FEBRUARY 15TH 2015 3:00pm
St. Cuthbert’s Anglican - Oakville

Choral-Sinfonia "Lobe den Herren, den machtigen Konig der Ehren" (BWV 137)

J. S. Bach (1685 – 1750)

Choral-Fantaisie "Ein fest’ Burg ist unser Gott"

Michael Praetorius (1571 - 1621)

Allegro Maestoso (Sonate III, op.65)

F. Mendelssohn-Bartholdy (1809 – 1847)

Variations sur le choral
"Freu’ dich sehr, o meine Seele"

Denis Bédard (b. 1950)

Psalm Prelude on ’Caithness’

Eric Robertson (b. 1948)

Fanfare for Reformation

Walter Pelz (b. 1926)

500 years ago this October 31st Martin Luther famously touched off the Reformation by nailing his 95 theses to the door of the Castle Church at Wittenburg, where they would be seen by the legions of Catholics who would attend Mass for the Feast of All Saints the next day.
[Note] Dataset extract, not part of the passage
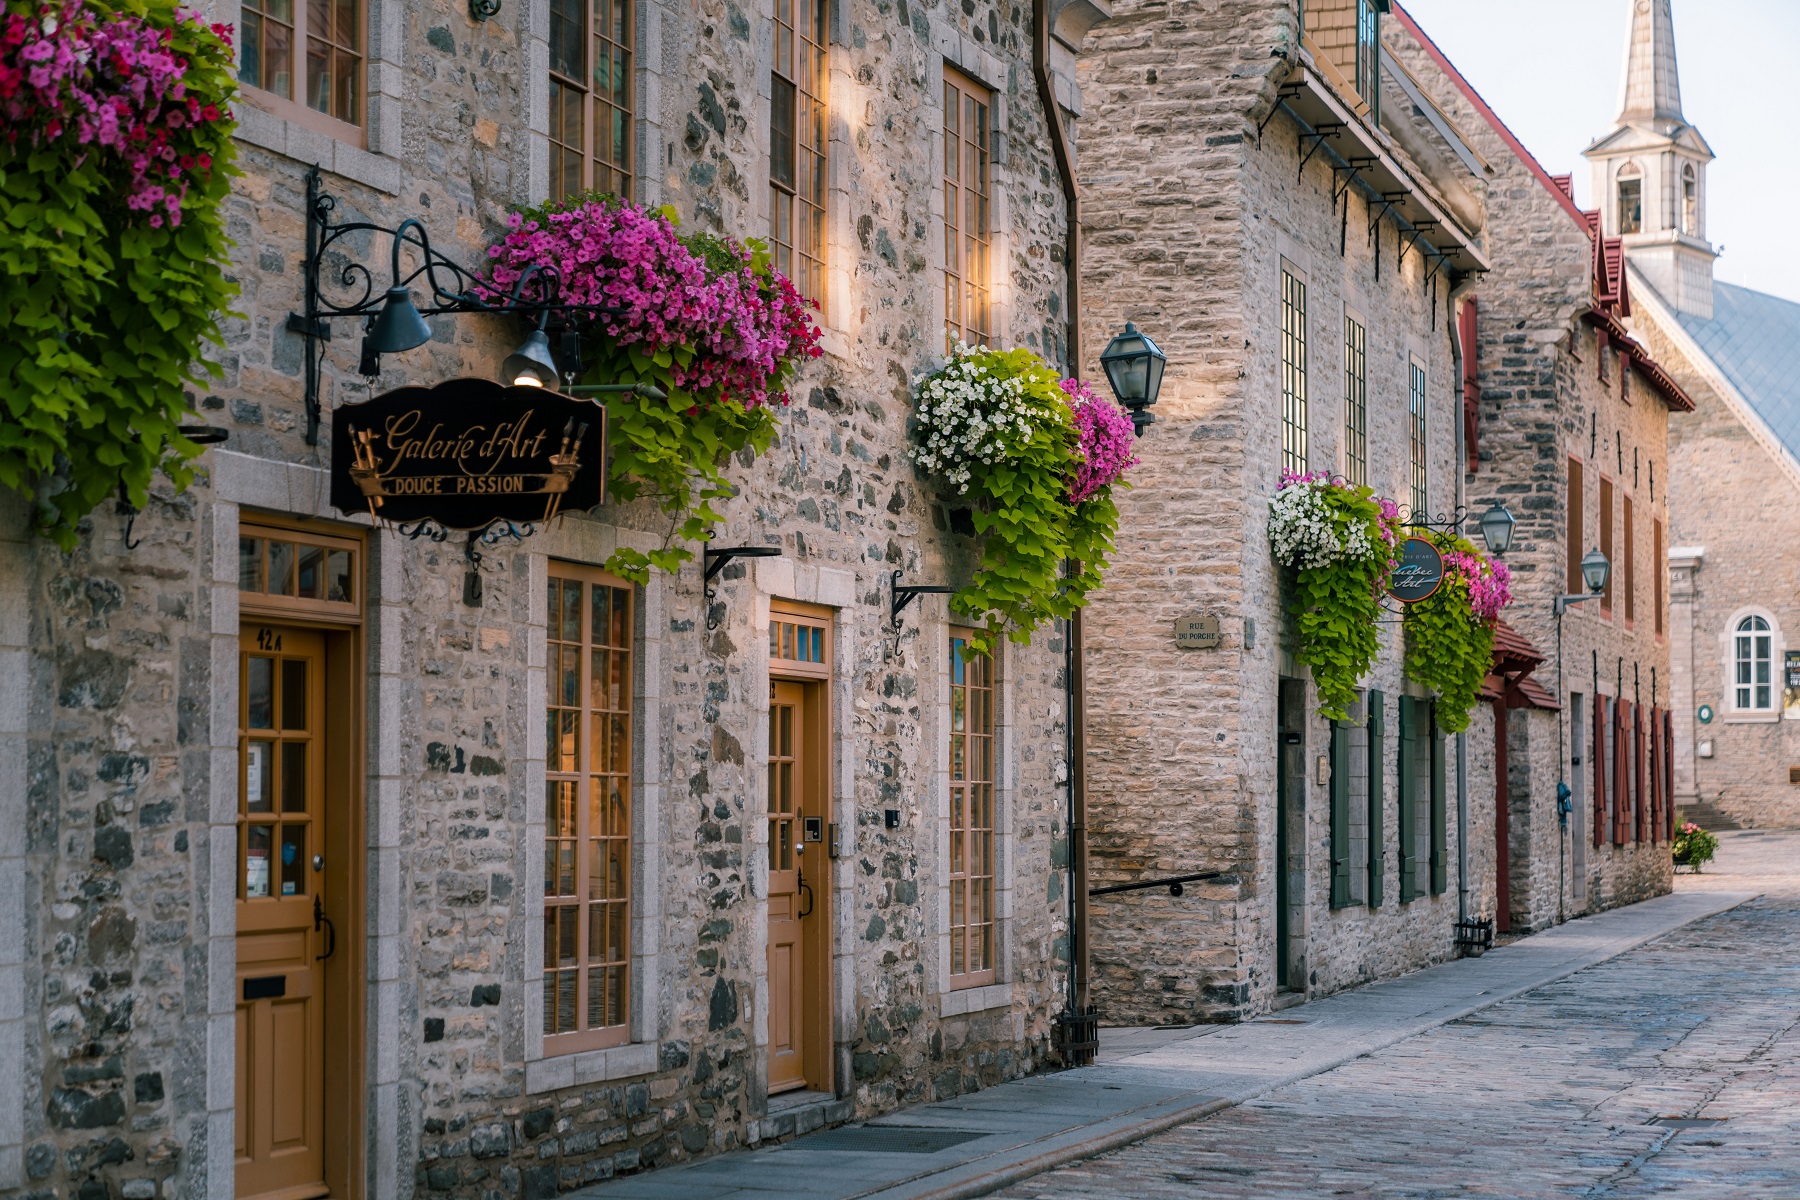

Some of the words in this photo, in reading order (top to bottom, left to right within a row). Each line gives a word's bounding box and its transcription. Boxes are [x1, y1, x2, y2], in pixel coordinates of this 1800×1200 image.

[378, 409, 486, 476] Galerie
[477, 408, 547, 475] d'Art
[456, 475, 523, 494] PASSION
But the musical Reformation, from which the trove of Christian song has been so richly blessed, can be argued to have begun five years later with the martyrdom in Brussels of two monks who took oaths of priesthood in the new religion, and were tried and burned for heresy.

Deeply affected by the fate of these two brave monks, and of countless others martyred for their belief in the tenets of Protestantism, Luther wrote the words and music to his very first, and now mostly-forgotten hymn, beginning it with the words "Ein neues Lied wir heben an" - "A new song we are raising." Those six words were really the preamble to what is much less a hymn than a heroic ode to God’s triumph in the heretics’ fall, and as such never became established in church usage - but unknown to Luther at the time those six words boldly ushered in the continuing story of the Lutheran Chorale and its many descendants, which would transform and define the church’s song for centuries.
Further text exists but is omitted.